For a modern girl like me, the most frightening thing about this era is the lack of freedom. Independence was a man’s privilege. Women were looked at as “half-angle, half-idiot” as politician Keir Hardy put it. Because females weren’t able to look after themselves, they were expected to marry, and woe betide you if you weren’t able to find a man by your mid-20s. Being left on the shelf was a fate worse than death; society had a horror of spinsters, and there was no place for them. Unmarried women were on the lowest rung of the household, and you stayed at home for the rest of your days or moved in with your sister or brother—an odious prospect if you didn’t get along with your siblings or their spouses. So either way, you were not mistress of your house, and you had to defer to the man of the house at every turn. You had to ask permission to do anything. In essence, you were at the mercy of the family that housed you, and you had to be very careful never to create scandal or bring disrepute onto the family.

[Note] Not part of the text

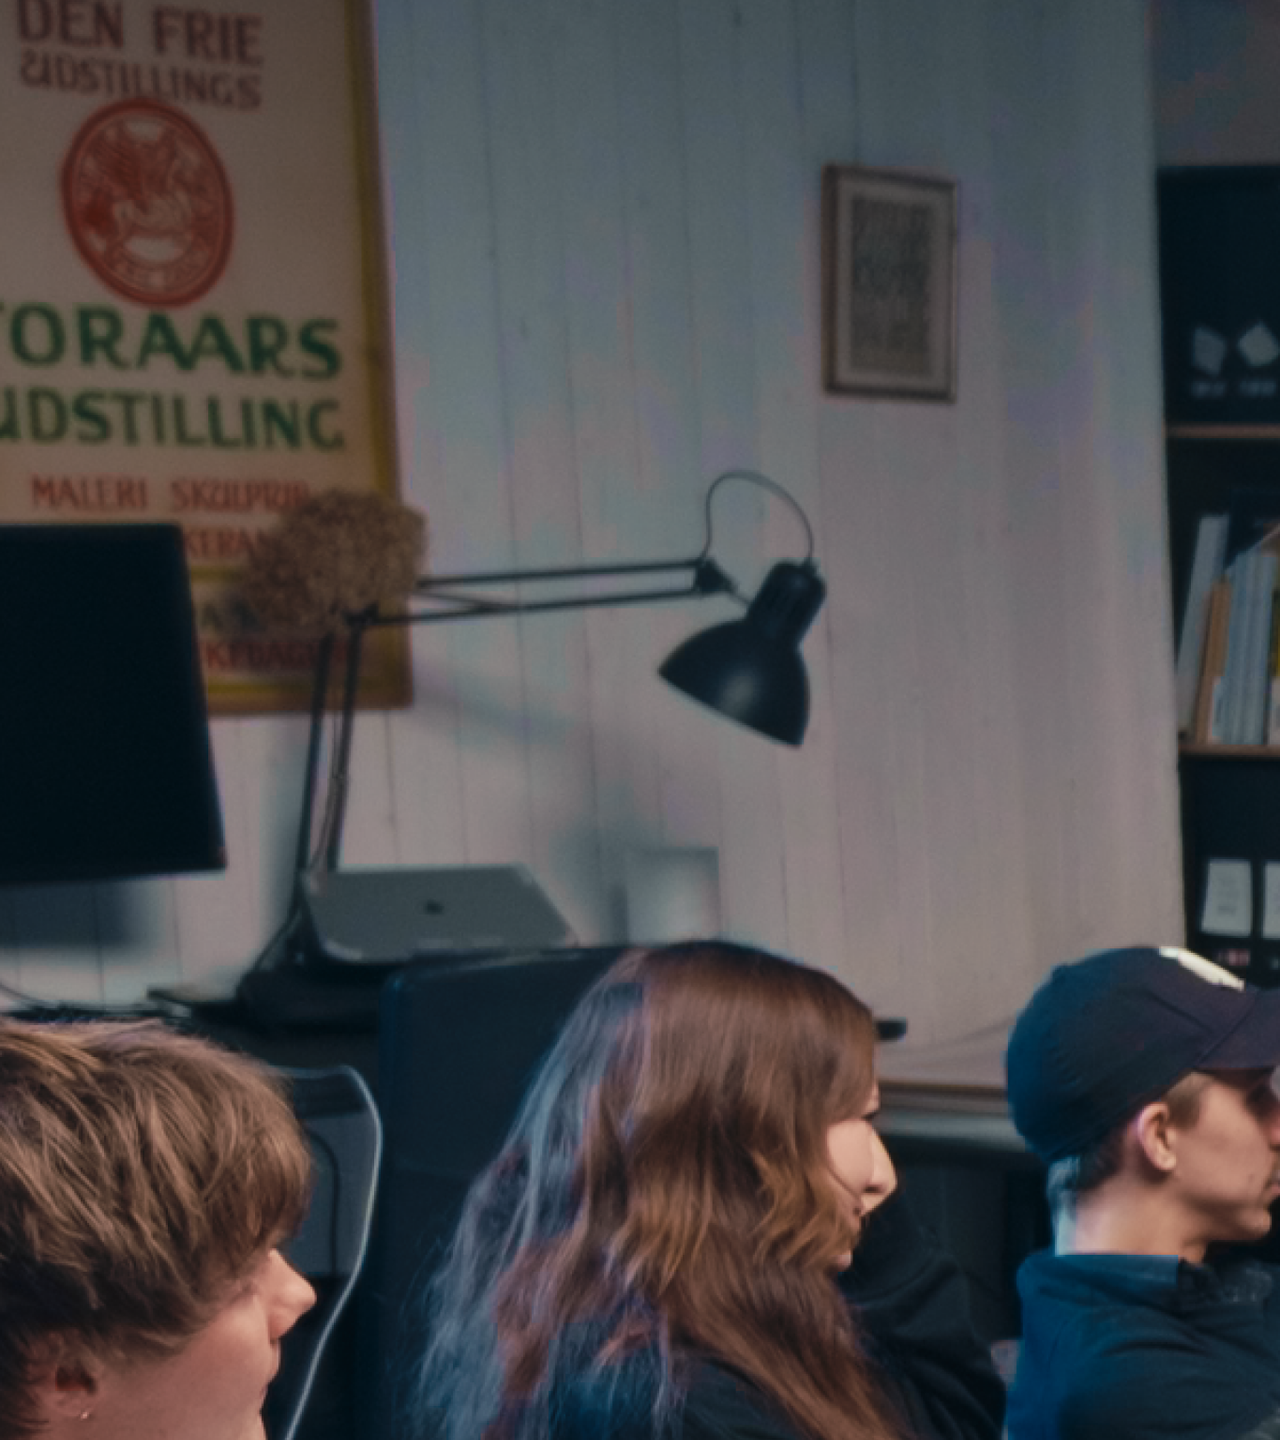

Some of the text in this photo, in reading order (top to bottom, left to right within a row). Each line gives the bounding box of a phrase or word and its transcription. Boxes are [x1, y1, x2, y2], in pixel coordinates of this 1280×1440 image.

[152, 5, 263, 66] FRIE
[20, 48, 262, 110] UDSTILLINGS
[0, 303, 343, 379] ORAARS
[30, 472, 149, 510] MALERI

All women were educated very little. Upper class women, in addition to elocution, comportment, and needlework, learned geography, a language, and a little arithmetic. This “higher” education made her a charming conversationalist to her husband, and nothing more. Poorer children would only go to elementary school and learn to read, cook, and clean, and maybe some sums and history.

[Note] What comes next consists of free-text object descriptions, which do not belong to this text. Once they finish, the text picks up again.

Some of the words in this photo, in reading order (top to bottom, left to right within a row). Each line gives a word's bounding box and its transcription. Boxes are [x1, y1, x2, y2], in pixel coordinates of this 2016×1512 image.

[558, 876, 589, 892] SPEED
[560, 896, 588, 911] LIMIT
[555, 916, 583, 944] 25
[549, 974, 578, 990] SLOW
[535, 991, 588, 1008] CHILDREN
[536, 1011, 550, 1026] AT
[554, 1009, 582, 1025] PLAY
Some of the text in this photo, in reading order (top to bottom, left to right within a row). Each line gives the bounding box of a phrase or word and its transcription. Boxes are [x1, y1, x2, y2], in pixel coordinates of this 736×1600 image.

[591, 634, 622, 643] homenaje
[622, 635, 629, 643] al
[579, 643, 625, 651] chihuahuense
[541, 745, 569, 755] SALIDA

Your life as an unmarried working-class woman would mean either finding work in a factory or going into service. If you were a servant and chanced to meet someone during this time (no “followers” was the rule) you’d leave service and become a wife and mother.
Middle-class women faired better. You could be a secretary, governess, clerk or bookkeeper. You’d be able to earn money for yourself until you were married and then you’d quit your job to have a family. Because middle-class women enjoyed more freedom, they largely fueled the women’s rights movement.

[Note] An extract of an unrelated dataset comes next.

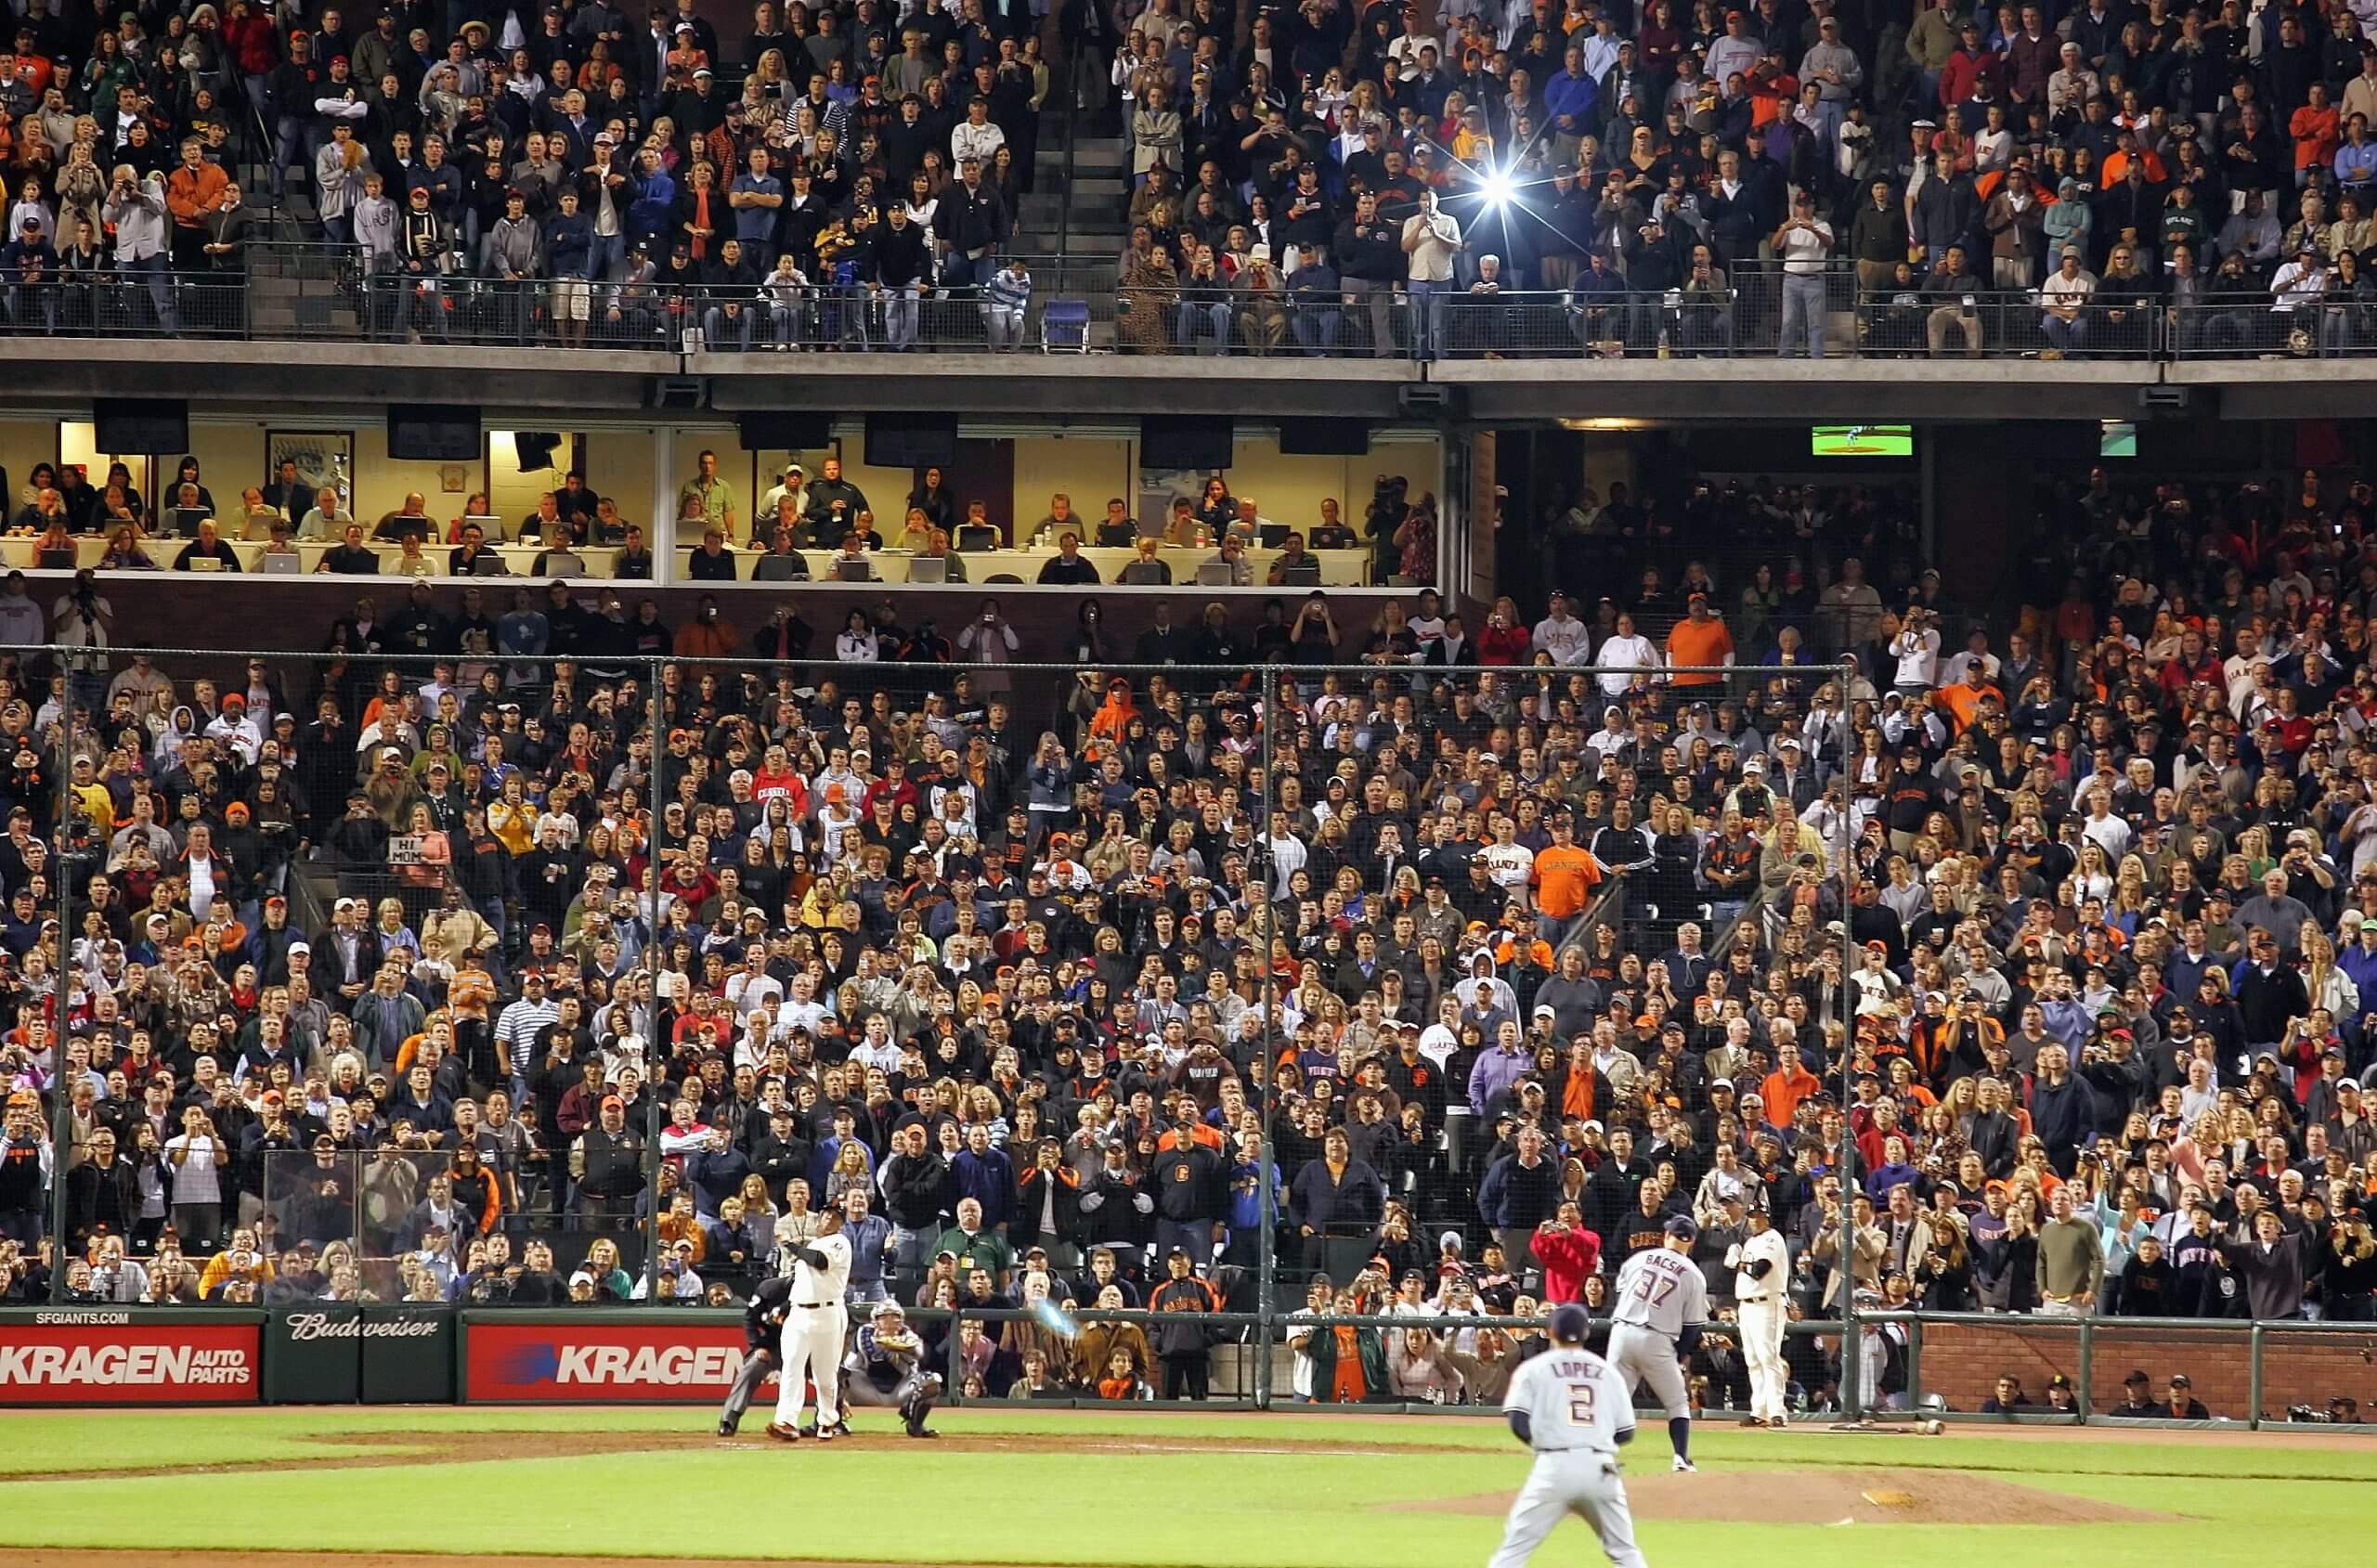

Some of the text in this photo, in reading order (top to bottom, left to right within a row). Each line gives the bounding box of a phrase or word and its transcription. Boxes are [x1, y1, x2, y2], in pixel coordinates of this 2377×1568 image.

Here are some frightening statistics of the Gilded Age, courtesy of www.pbs.org/manorhouse/1905: In 1901, 85 percent of women over 45 were either married or widowed; in 1911, almost half of all illegitimate children were born to women in service; “unemployable” women would often end up at the workhouse, or as prostitutes.
For all women it was frowned upon and seen as unfeminine to have opinions or to be political, to have desires or ideas of your own. Any woman who stepped out of this role risked everything.
I don’t know about you, but as a thoroughly modern Millie, the Edwardian era sounds pretty frightening. But you know, I’ve got to admit, something inside me still longs to wear those clothes.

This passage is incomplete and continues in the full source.